Heightened labour market insecurity shows itself in the reduced number of job vacancies. Between April and June this year, vacancies more than halved (-58%) compared with the previous quarter. In sectors such as accommodation and food services and arts, entertainment and recreation, which furloughed over 70% of workers, vacancies have declined by over 90%.

Figure 1: Percentage decline in vacancies for sectors where vacancies declined by 70% or more

Source: ONS Labour market overview - July 2020

When prospects for securing new work are reduced, this has implications for out of work job seekers, as well as those who are currently in work. This picture is made more alarming in light of recent evidence from the British Chamber of Commerce, which found that 29% of the 7,400 surveyed businesses plan to make job cuts over the next three months. Already, large retailers such as Boots and John Lewis have announced thousands of job cuts in recent days, losses not included in the figures released today.

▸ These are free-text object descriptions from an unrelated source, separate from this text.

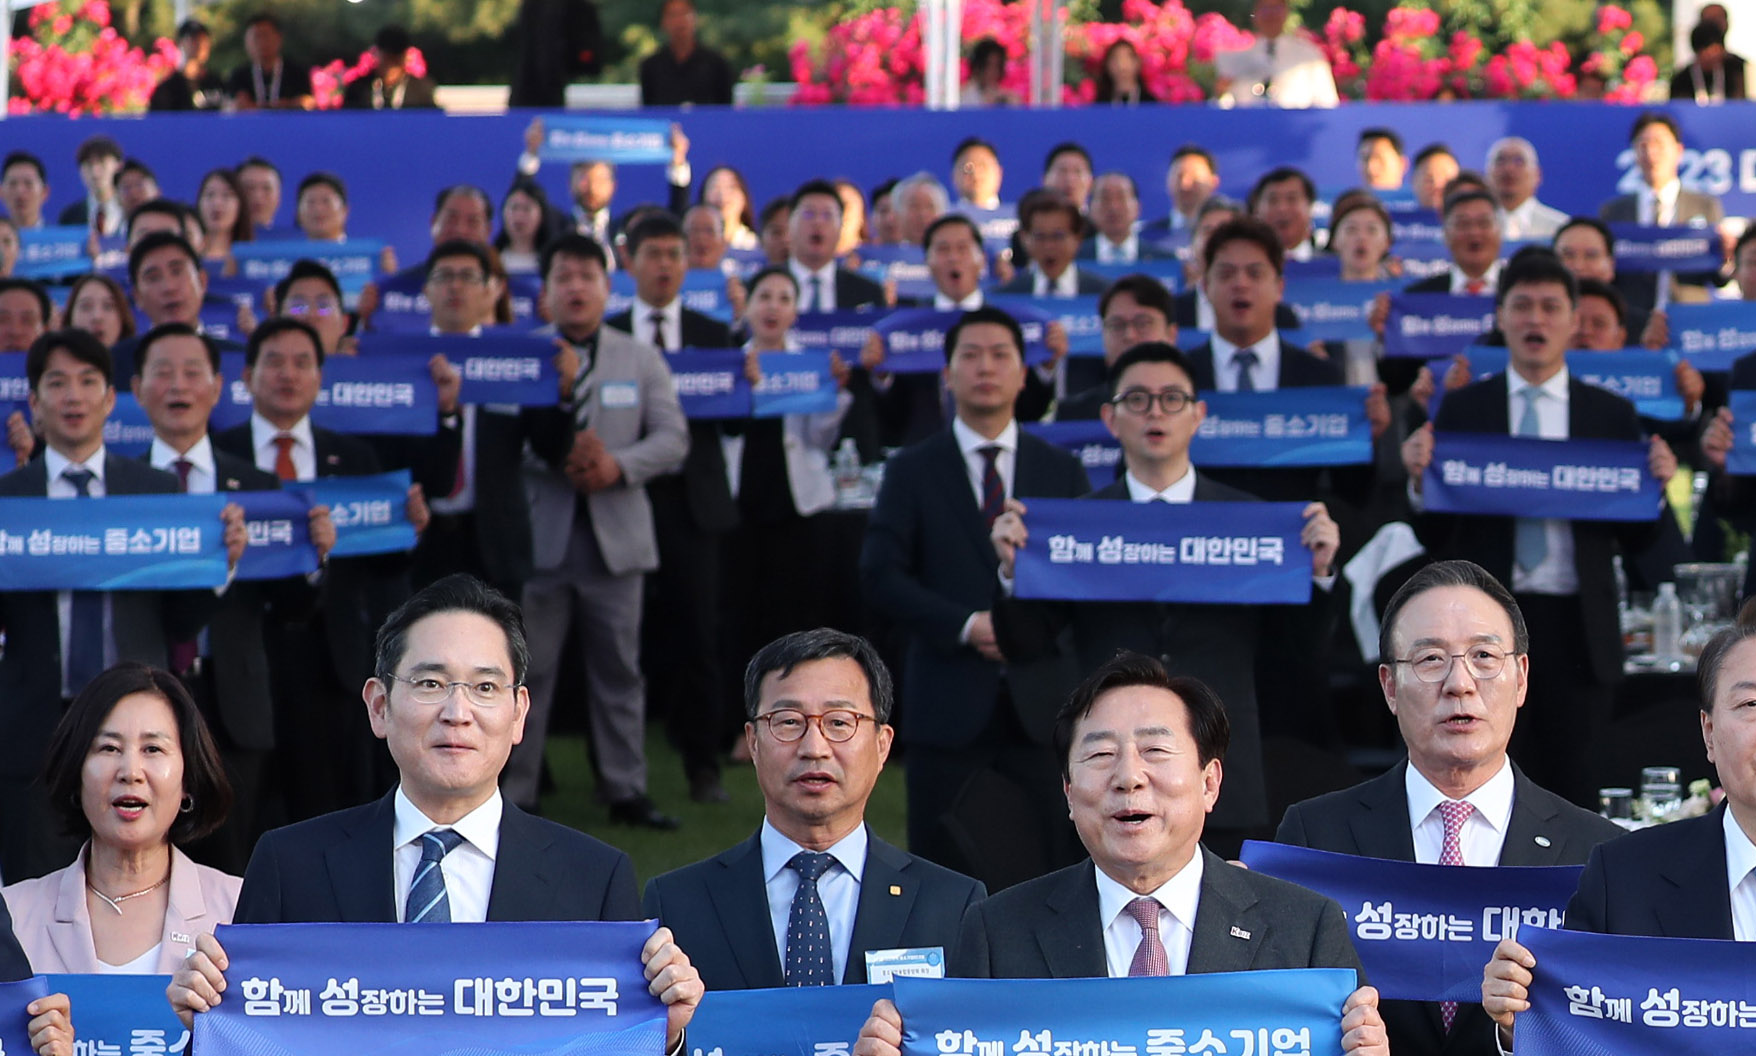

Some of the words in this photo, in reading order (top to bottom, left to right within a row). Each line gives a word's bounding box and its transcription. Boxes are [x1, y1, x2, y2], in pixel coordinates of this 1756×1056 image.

[1616, 148, 1732, 195] 223
[1552, 465, 1641, 493] 대한민국
[329, 500, 391, 525] 소기업
[28, 528, 100, 555] 성장하는
[104, 526, 200, 554] 중소기업
[1049, 535, 1093, 563] 함께
[1097, 536, 1176, 564] 성장하는
[1180, 537, 1284, 565] 대한민국
[1356, 899, 1472, 942] 성장하는
[242, 978, 311, 1016] 함께
[319, 978, 445, 1016] 성장하는
[453, 978, 619, 1017] 대한민국
[1563, 985, 1632, 1022] 함께

The current lack of vacancies has driven this month’s decline in employment numbers rather than redundancies, due to fewer people moving into new jobs. In addition, larger numbers of people are moving into inactivity, meaning they do not have work and are not looking for work. There is a striking shift in reasons for being inactive, with a sharp increase in feeling ‘discouraged’ and in ‘wanting a job, yet not actively looking’. Simultaneously, those currently in work may also be affected by the declining number of vacancies, which will limit their room for maneuver should their employer reduce their hours or pay in order to cut costs.

This kind of strain is already being felt by workers now. Today’s release reveals hours worked reduced by 20% over the last quarter. This substantial fall is mostly due to uptake of the Job Retention Scheme (JRS), yet many employers may also have been cutting hours for staff that have remained in their posts during the lockdown — to reduce costs and increase the possibility that these jobs can be kept in the longer term.

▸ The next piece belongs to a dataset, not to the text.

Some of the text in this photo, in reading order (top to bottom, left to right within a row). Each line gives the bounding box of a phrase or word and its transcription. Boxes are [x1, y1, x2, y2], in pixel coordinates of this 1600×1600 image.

The self-employed have seen a particularly large decline in the hours worked — 29% over the last quarter. Given that we have also seen a record quarterly reduction in the volume of self-employed workers in the labour market, this is clearly a group that has been hit hard by the crisis. The extent to which the self-employed will be able to bounce back as lockdown is further eased remains to be seen and will vary by occupation. It is more likely that sole trader builders will be able to resume activity than self-employed caterers, for example.

This quarter also sees pressure on wages increase, with real pay down by £6 since the previous quarter. Worryingly, we see declines in pay focussed in particularly low paid sectors, such as retail and accommodation and food services. This is partly related to reductions in hours worked, and partly due to furlough, as the majority of workers received only 80% of their usual salary through the JRS.

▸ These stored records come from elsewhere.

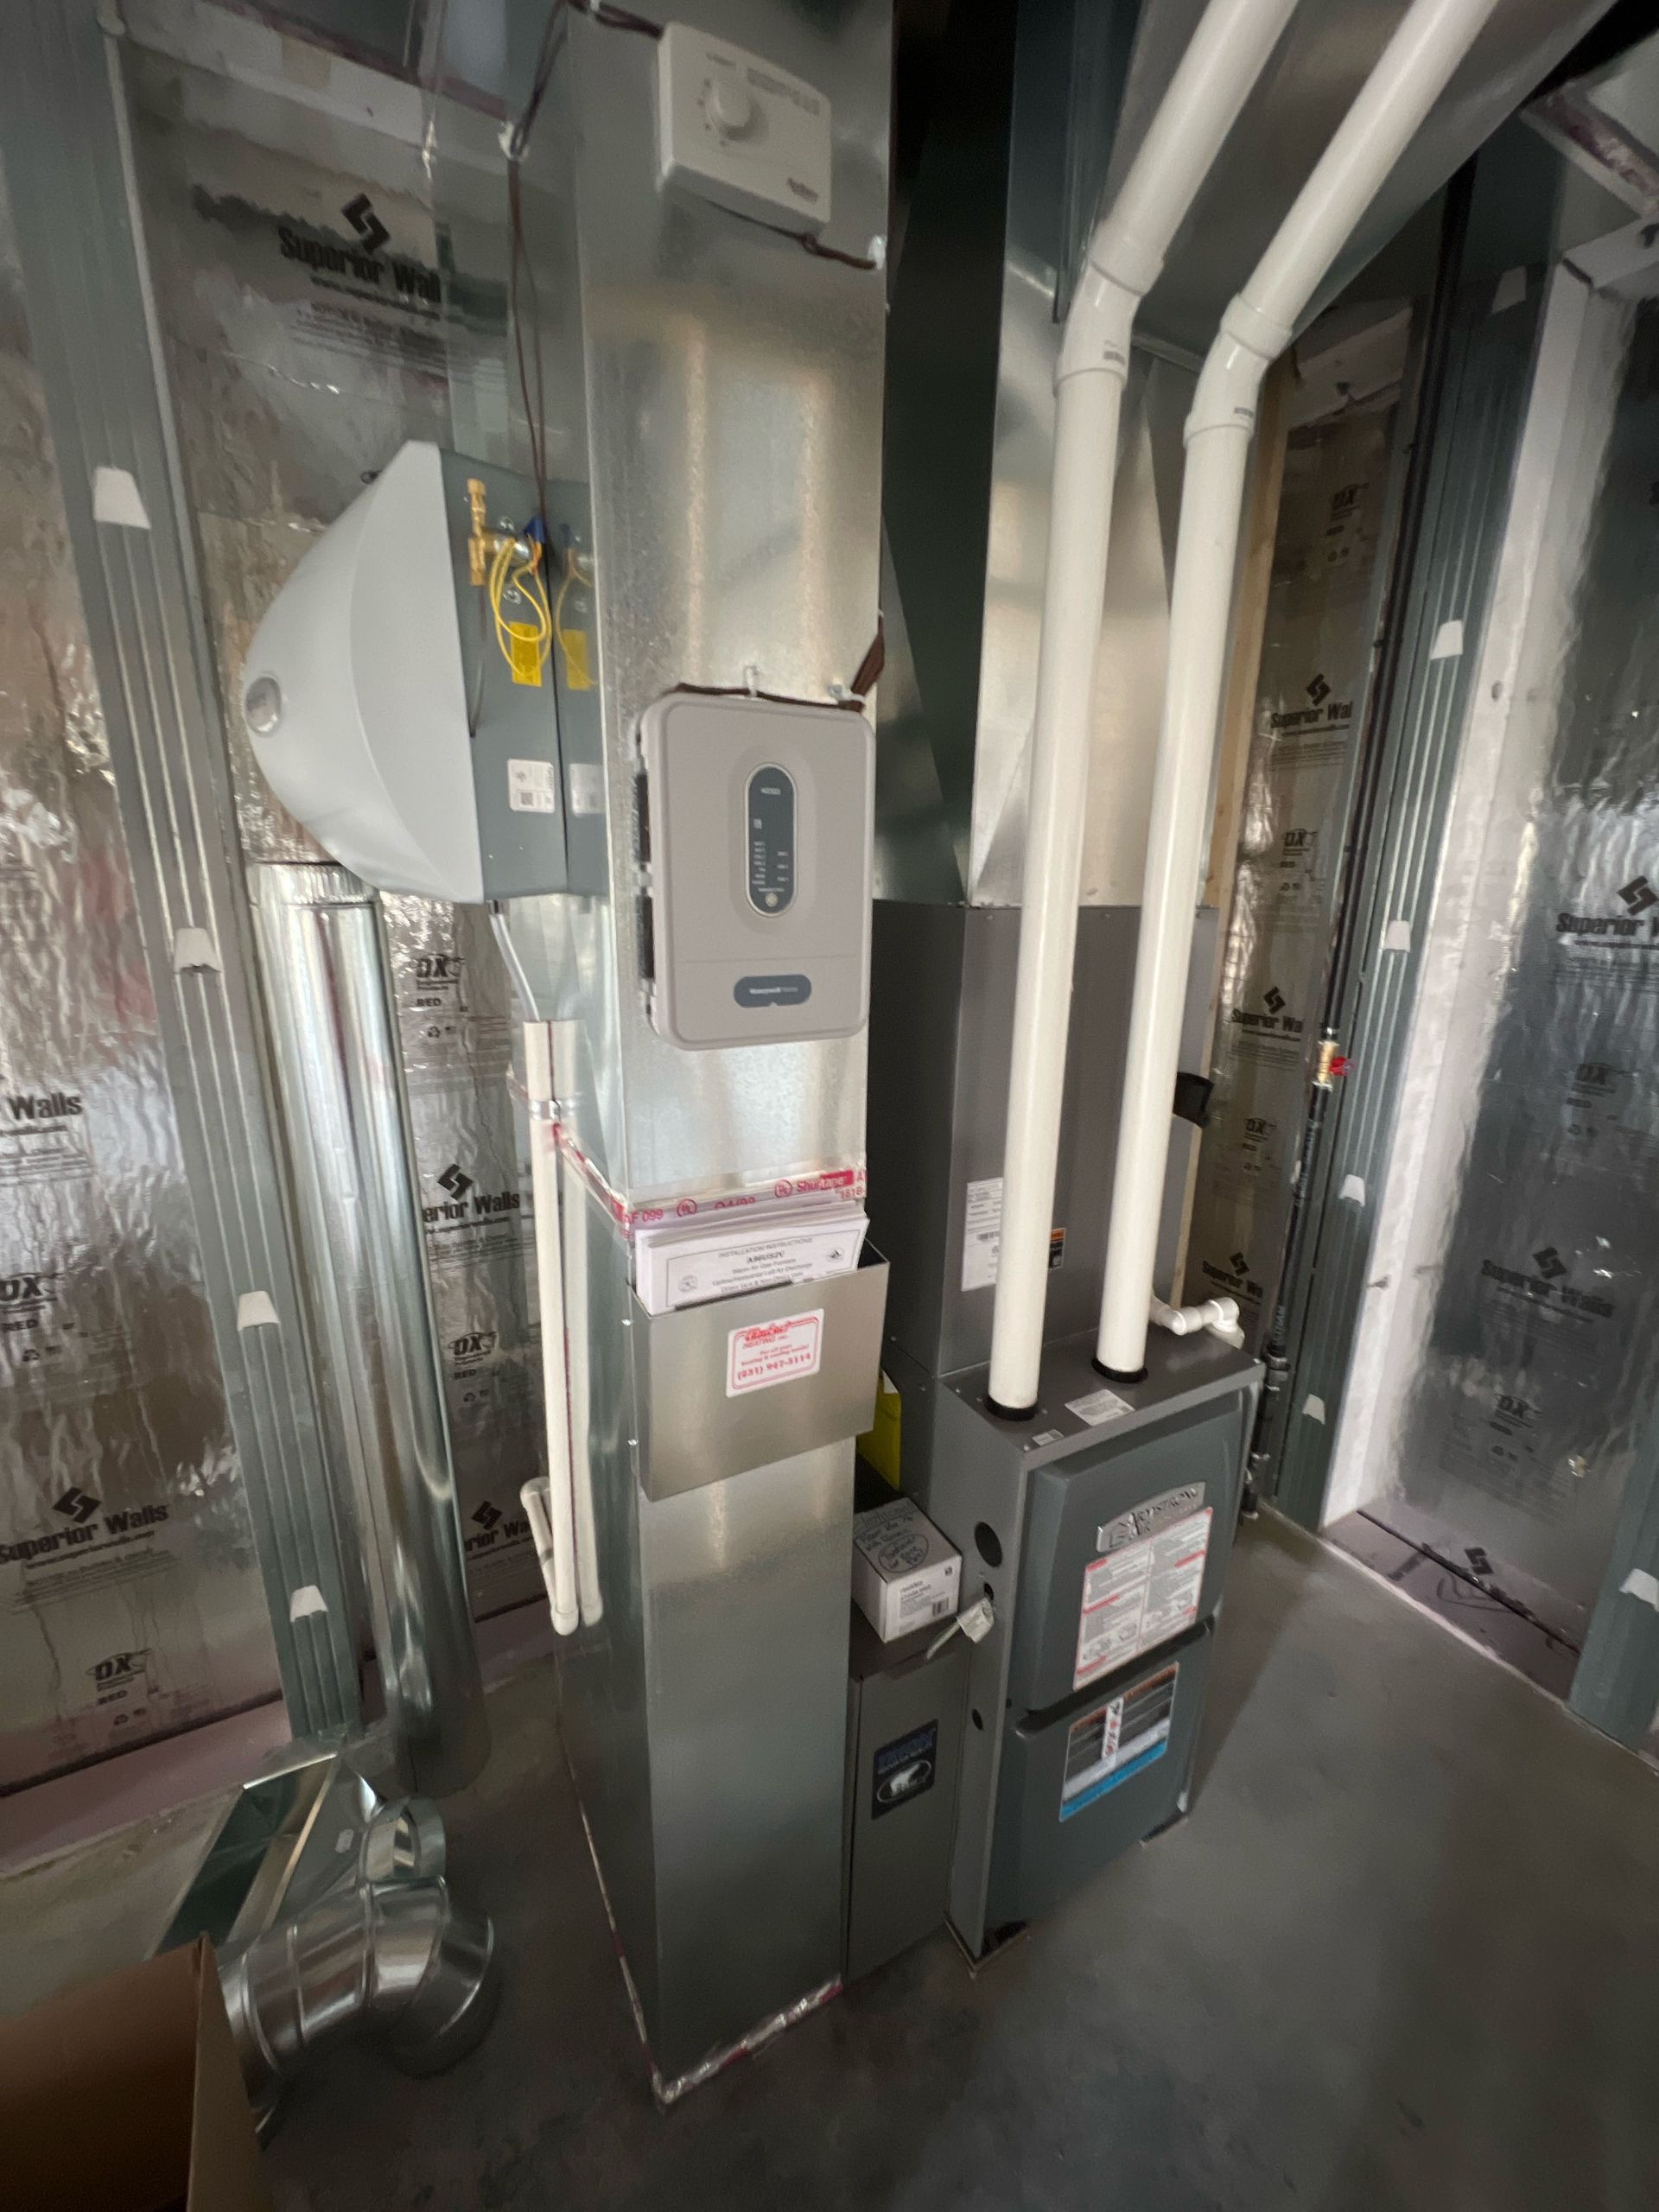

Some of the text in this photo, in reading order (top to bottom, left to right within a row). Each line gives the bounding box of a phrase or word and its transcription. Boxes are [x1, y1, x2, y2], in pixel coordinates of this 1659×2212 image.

[1557, 913, 1645, 937] Superior
[7, 1091, 83, 1120] Walls
[797, 1175, 846, 1193] Shurtape
[473, 1191, 520, 1215] Walls
[104, 1505, 169, 1535] Walls

Figure 2: Percentage difference in earnings between May 2020 and May 2019, by sector

Source: ONS (2020) Dataset: EARN03 - Average weekly earnings by industry, non seasonally adjusted

We know that workers in low paid jobs disproportionally struggle to manage periods of reduced income and tend to rely on savings or credit to manage financially. This has implications both for people’s ability to spend in the near future, and thereby the recovery of consumer demand, as well as severely diminishing household’s financial resilience the longer the crisis lasts. And as we have noted, pressures on workers and households will increase further once the JRS winds down in October, with further redundancies likely to follow.

Much uncertainty remains over the future direction of the public health crisis, and the potential for a swift economic recovery. GDP figures released earlier this week suggest the hoped for ‘V shaped recovery’ is unlikely to materialise, and we expect to see more of the unemployment impacts of the crisis to come to the fore over the autumn and winter. Yet as support measures like the JRS wind down, it seems Government is banking on a swift pick-up in consumer demand to stem economic decline and protect jobs. Given we may yet see a second wave of COVID-19 as the lockdown continues to ease, it is likely that increased insecurity will become an enduring feature of the labour market for many workers for the foreseeable future.